Gidiyorduk işte o koskocaman istanbula. Hadi bakalım. Bu sefer kim üzülecek?. İstanbul mu? Ben mi? Göreceğiz işte. Otobüslerin olduğu yere gittik. Evet oradaydı, Antalya-İstanbul arabası. Hemen bindik. Annemle koltuklarımız çok ayrıydı. O en önde sağ tarafta. Ben ise en arka, sol taraf cam kenarındaydım. Yanıma kim gelecek çok merak ediyordum. Bari anlaşabileceğim biri olursa istanbulda yardımcı olurdu. Yanıma kimse gelmediğinden yayılmıştım iki koltuğa da. Tam otobüs kalkacakken biri koşarak otobüse bindi ve bana yaklaştı. Yanıma oturdu. İticilik olmasın diye pek incelememiştim. Ama bir erkeğe göre iyi bir vücudu, fiziği ve duruşu vardı. Yürürken belli ediyordu bunu. Ama düşününce bu bana bakmazdı. Belliydi yani bunun antalya bebesi olmadığı. Bana bakmazdı. Ne diyordum ben böyle. Daha çocuğu tanımıyordum. 'Merhaba' diye bi ses gelince o çocuk olduğunu anladım. Sesinde ukalalılık, iticilik ve çapkınlık vardı. Heyecanlanmışım heralde 'Aleykümselam' dedim. İtici bi gülüş yaptı. Hadi amaaa! Nasıl bu yeşil gözlerinle ve yanık tenli olmana rağmen kumrala dönük sarışın saçlarınla bu kadar tatlıyken kendini iticileştiriyosun o gülüşle. Yalnız dişi de güzelmiş haaa.

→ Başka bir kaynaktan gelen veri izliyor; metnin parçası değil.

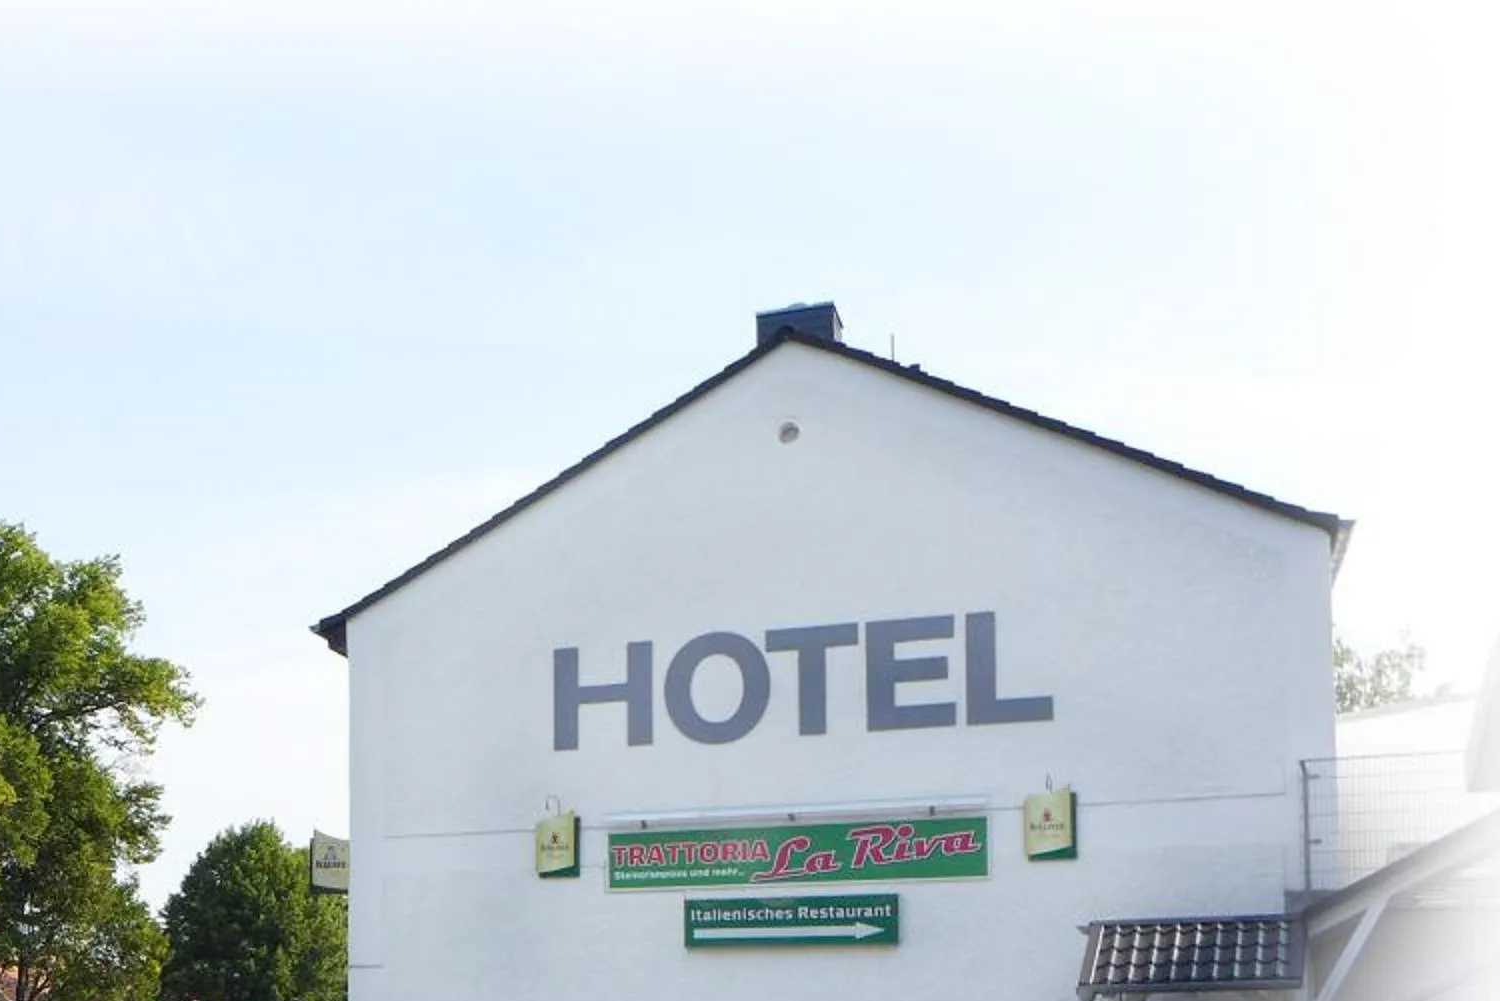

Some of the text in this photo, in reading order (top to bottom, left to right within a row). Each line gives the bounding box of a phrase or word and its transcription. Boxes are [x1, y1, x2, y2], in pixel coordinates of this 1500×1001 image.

[553, 611, 1054, 751] HOTEL
[612, 823, 982, 882] TRATTORIA La Riva
[690, 904, 892, 922] Italienisches Restaurant

Bu sırada telefonum çaldı. Arayan Deniz'di.
-efendim deniz
-istanbula gidecekmişsin?
-evet eğitimime orda devam edicem hayırdır deniz noldu merak mı ettin yalnız mı kaldın?
-seni seviyorum
-senin göğsüne burdan godum mu kalp krizinden gidersin git işine bi daha ararsan antalyayı başına yıkarım yürü git deniz
-ya senin o berfin diye bi arkadaşım vardı onun numarasını versene sevgilisi varmı onun?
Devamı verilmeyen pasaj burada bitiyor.